Mengatasi
Pelambatan Ekonomi
Nugroho SBM ; Dosen
Fakultas Ekonomika dan Bisnis (FEB)
Universitas Diponegoro Semarang
|
SUARA MERDEKA, 19 Mei 2015
PEMERINTAHAN
Jokowi-JK tampaknya tak sempat menikmati masa bulan madu yang panjang. Ada beberapa
indikator makro ekonomi yang menunjukkan hal itu. Pertama; pertumbuhan
ekonomi kuartal I-2015 hanya 4,7 persen, turun dibanding kuartal yang sama
tahun 2014 dengan persentase 5,14. Ini semakin memberi tanda bahwa target
pertumbuhan ekonomi di APBNP2015 sebesar 5,7 persen.
Kedua;
angka pengangguran naik dari 5,70 persen pada kuartal I-2014 menjadi 5,81
persen pada kuartal yang sama 2015. Ketiga; nilai tukar rupiah terhadap dolar
AS juga tak kunjung menguat. Akhir pekan lalu, nilai tukar rupiah terhadap
dolar AS menyentuh Rp 13.200.
Melemahnya
indikator-indikator makro ekonomi itu, khususnya pertumbuhan ekonomi,
disebabkan oleh faktor domestik sekaligus global. Faktor domestik antara lain
belum selesainya penataan organisasi di kementerian dan lembaga baru sehingga
dana APBN belum bisa dicairkan. Pelaksanaan pembangunan infrastruktur juga
baru dimulai sehingga dampaknya mungkin baru dirasakan jangka menengah dan
panjang.
Adapun
faktor global yang membuat ekonomi Indonesia melemah ñ khususnya pertumbuhan
ekonomi ñ adalah melemahnya ekonomi Tiongkok sebagai salah satu tujuan utama
ekspor Indonesia. Di samping itu, faktor global lain adalah terus menurunnya
harga komoditas primer. S&P mencatat harga komoditas global khususnya
komoditas primer menurun 34 persen dalam 12 bulan terakhir secara kumulatif.

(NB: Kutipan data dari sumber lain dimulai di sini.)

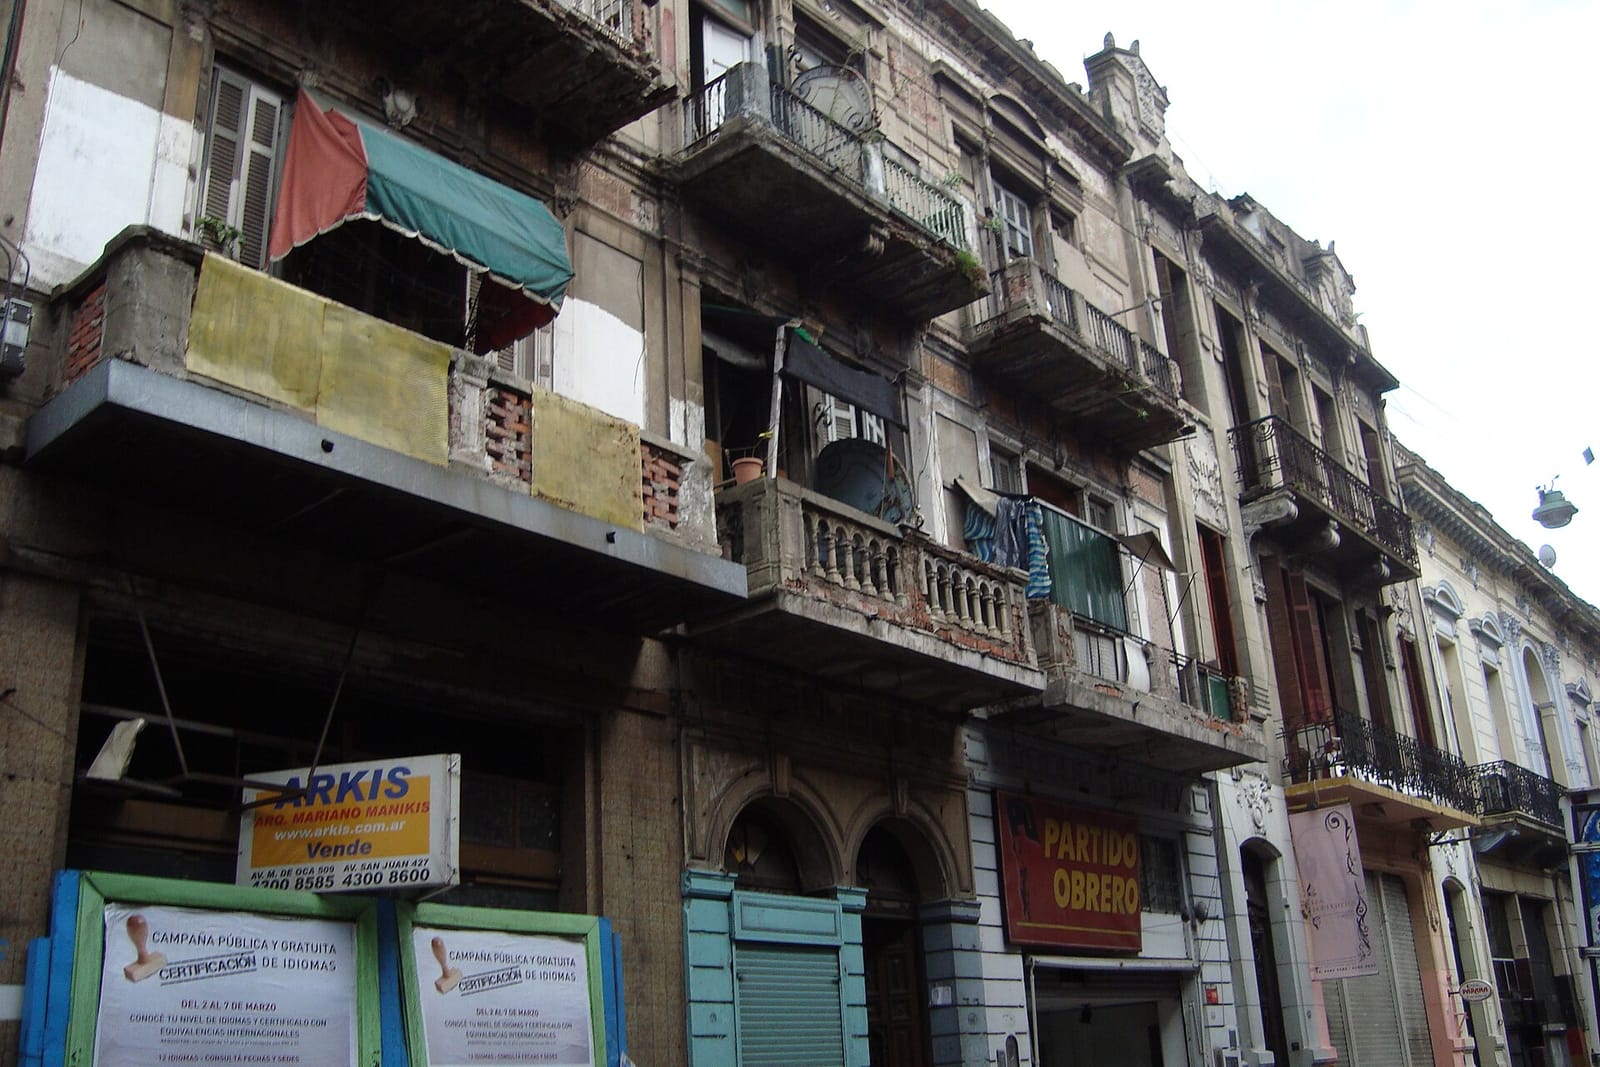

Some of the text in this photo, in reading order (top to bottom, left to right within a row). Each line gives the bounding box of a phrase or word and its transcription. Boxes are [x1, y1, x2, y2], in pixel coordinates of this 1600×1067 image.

[275, 766, 411, 810] ARKIS
[292, 807, 361, 824] MARIANO
[366, 801, 430, 817] MANIKIS
[275, 820, 406, 841] www.arkis.com.ar
[307, 839, 372, 859] Vende
[1044, 818, 1137, 868] PARTIDO
[280, 868, 293, 877] DE
[361, 862, 380, 871] SAN
[383, 860, 409, 870] JUAN
[294, 875, 335, 890] 8585
[342, 868, 430, 887] 4300 8600
[1054, 868, 1139, 915] OBRERO
[152, 931, 337, 955] CAMPAÑA PÚBLICA Y GRATUITA
[159, 952, 337, 980] CERTIFICACIÓN DE IDIOMAS
[449, 949, 493, 961] CAMPAÑA
[536, 955, 576, 967] GRATUITA
[458, 967, 576, 992] CERTIFICACIÓN DE IDIOMAS
[181, 999, 198, 1009] DEL
[209, 1000, 220, 1009] AL
[231, 1001, 242, 1010] DE
[245, 1002, 277, 1011] MARZO
[219, 1016, 252, 1026] IDIOMAS

Padahal ekspor Indonesia sampai saat ini masih didominasi komoditas primer.
Bagaimana
mengatasi kemelemahan ekonomi Indonesia? Pertama; menjaga daya beli
masyarakat dengan cara menjaga inflasi tetap rendah. Sampai saat ini konsumsi
rumah tangga mencapai 55 persen dari produk domestik bruto sehingga
mendongkrak konsumsi rumah tangga yang akan mendongkrak pertumbuhan ekonomi.
Ada
beberapa komponen konsumsi rumah tangga, yaitu makanan, pakaian, gadget,
transportasi, pendidikan, perumahan, kesehatan, dan rekreasi. Cara
mendongkrak konsumsi rumah tangga adalah dengan menjaga inflasi tetap rendah.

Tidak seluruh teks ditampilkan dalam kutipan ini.